DURHAM, N.C. — President Bush's appointees are enforcing the Voting Rights Act in a way that will produce an "American apartheid" by creating race-based election districts, Republican challenger Patrick J. Buchanan charged Tuesday.
Buchanan has basically conceded the GOP nomination to President Bush, but is stumping in North Carolina in hopes of demonstrating strength in the state's primary next week.
He told a Duke University audience of about 500 it was time to repeal the 1965 law that has enfranchised millions of blacks on the grounds that "it's time the South was let out of the penalty box."
He also advocated the abolition of the National Endowment for the Arts as part of a conservative counterattack against obscenity to "recapture America's culture from barbarism."
"Here in North Carolina, Mr. Bush's Justice Department forced the state Legislature to carve out two new congressional districts specifically designed to corral and wall off the black population," Buchanan said.
"Some say this was done to increase the likelihood of a black being elected to Congress; others say it was done to reduce the power of the Democratic Party," he added.
"Whatever the motive, racial gerrymandering in North Carolina is creating an American apartheid," Buchanan concluded. "This gerrymander must be undone, and the Voting Rights Act that allowed it to happen here must be overturned.
"Why, in 1992, must North Carolina submit changes in her election laws to some bureaucrat in Washington?"

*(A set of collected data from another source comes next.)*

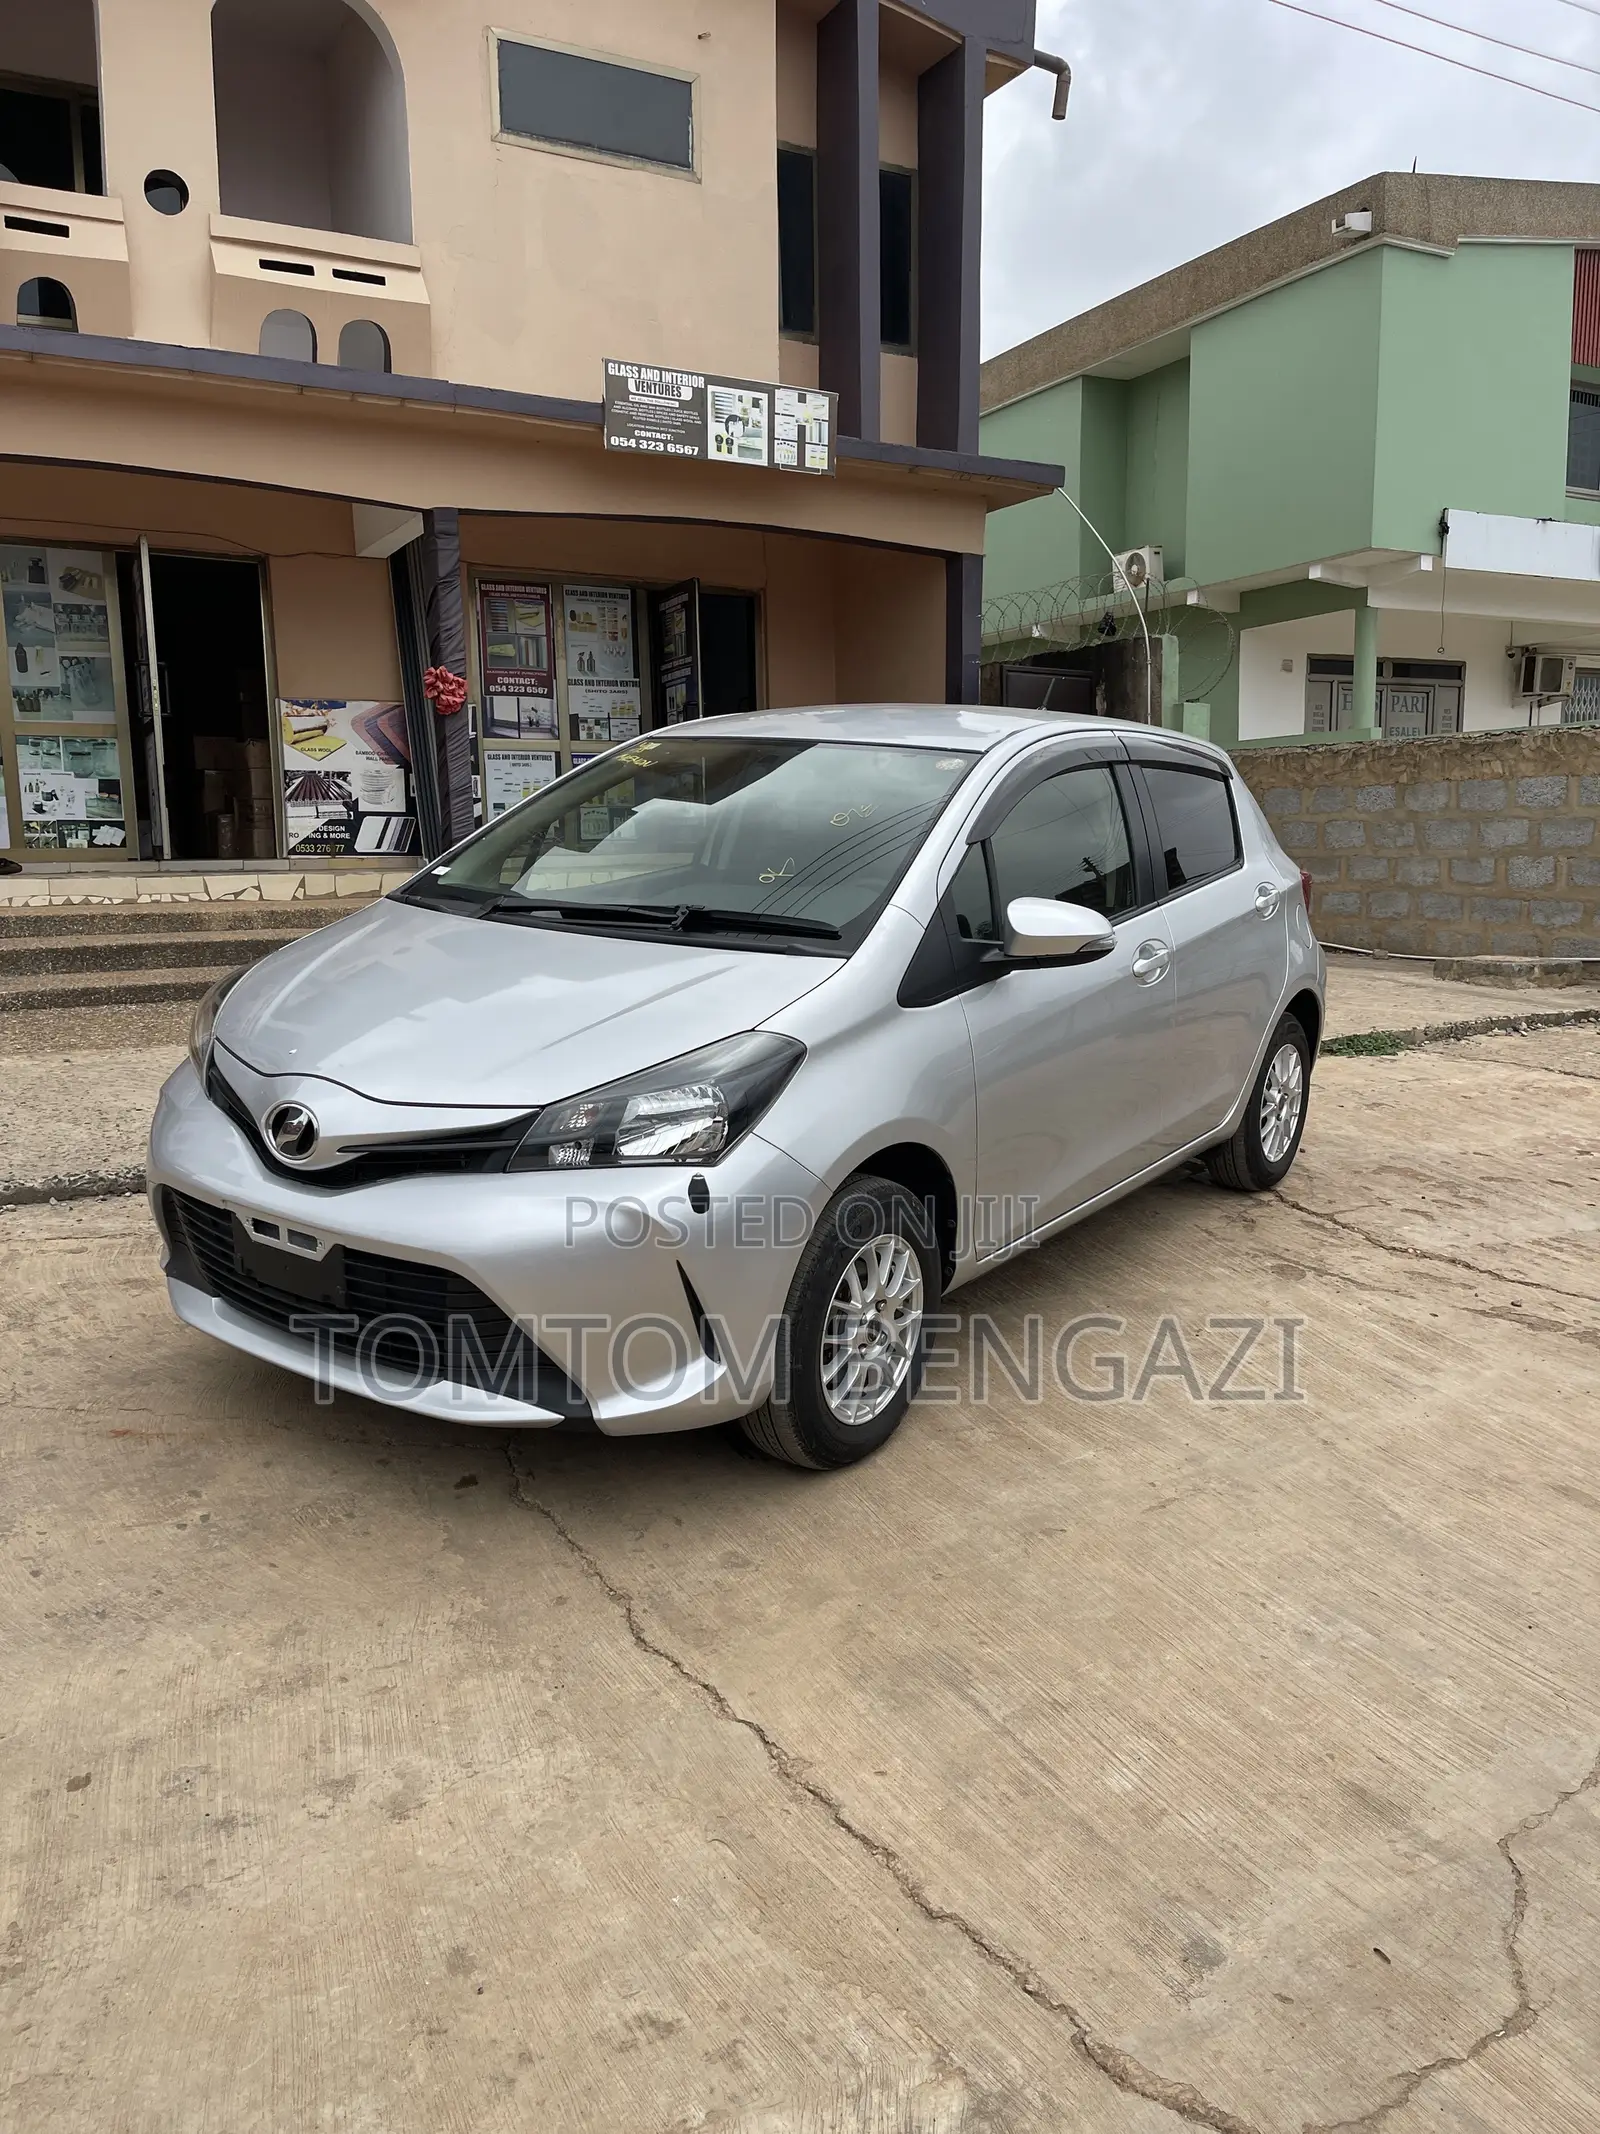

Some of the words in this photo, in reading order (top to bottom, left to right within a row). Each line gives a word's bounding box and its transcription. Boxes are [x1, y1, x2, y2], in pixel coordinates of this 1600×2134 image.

[608, 362, 638, 378] GLASS
[640, 368, 660, 382] AND
[662, 370, 705, 388] INTERIOR
[634, 380, 682, 398] VENTURES
[634, 430, 674, 440] CONTACT:
[610, 436, 636, 448] 054
[639, 440, 664, 452] 323
[667, 444, 698, 456] 6567
[497, 677, 538, 685] CONTACT:

Buchanan referred to a provision of the 1965 law that requires Southern states that Congress found had discriminated against blacks to get advance Justice Department approval of changes in voting laws or election districts to prevent them from undercutting black voting power.
In a speech that deplored contemporary trends in art, theater, literature, music, films, photography, education and the media, Buchanan said they amounted to a "cultural war" waged by the political left.
"Clearly, a religious war is being waged for the soul of America, and in that war, the Bush Administration has been a conscientious objector," he contended.
Addressing his Duke audience, he added: "The challenge and the duty facing this generation--who have the gift of a good, sound education--is to show your countrymen the way to recapture America's culture from barbarism."
His speech got a mixed reception--some spirited applause, some derisive laughter.
Buchanan, who spent his second consecutive day in the small towns of North Carolina's Piedmont region, said the Tuesday primary would be one of the toughest he has faced. So far, he has lost 19 of 19 contests to Bush but won 37% of the vote in New Hampshire, startling the President's supporters.
When a reporter asked the challenger how he felt about the prospect that Bush would lock up the party's nomination this week, Buchanan snapped: "Tell him we'll see him in California."
Buchanan said he intends to spend at least three weeks in California before the June 2 primary, hoping to take advantage of the deep split in the Republican Party between conservatives and moderates as well as compete for the attention of national political reporters.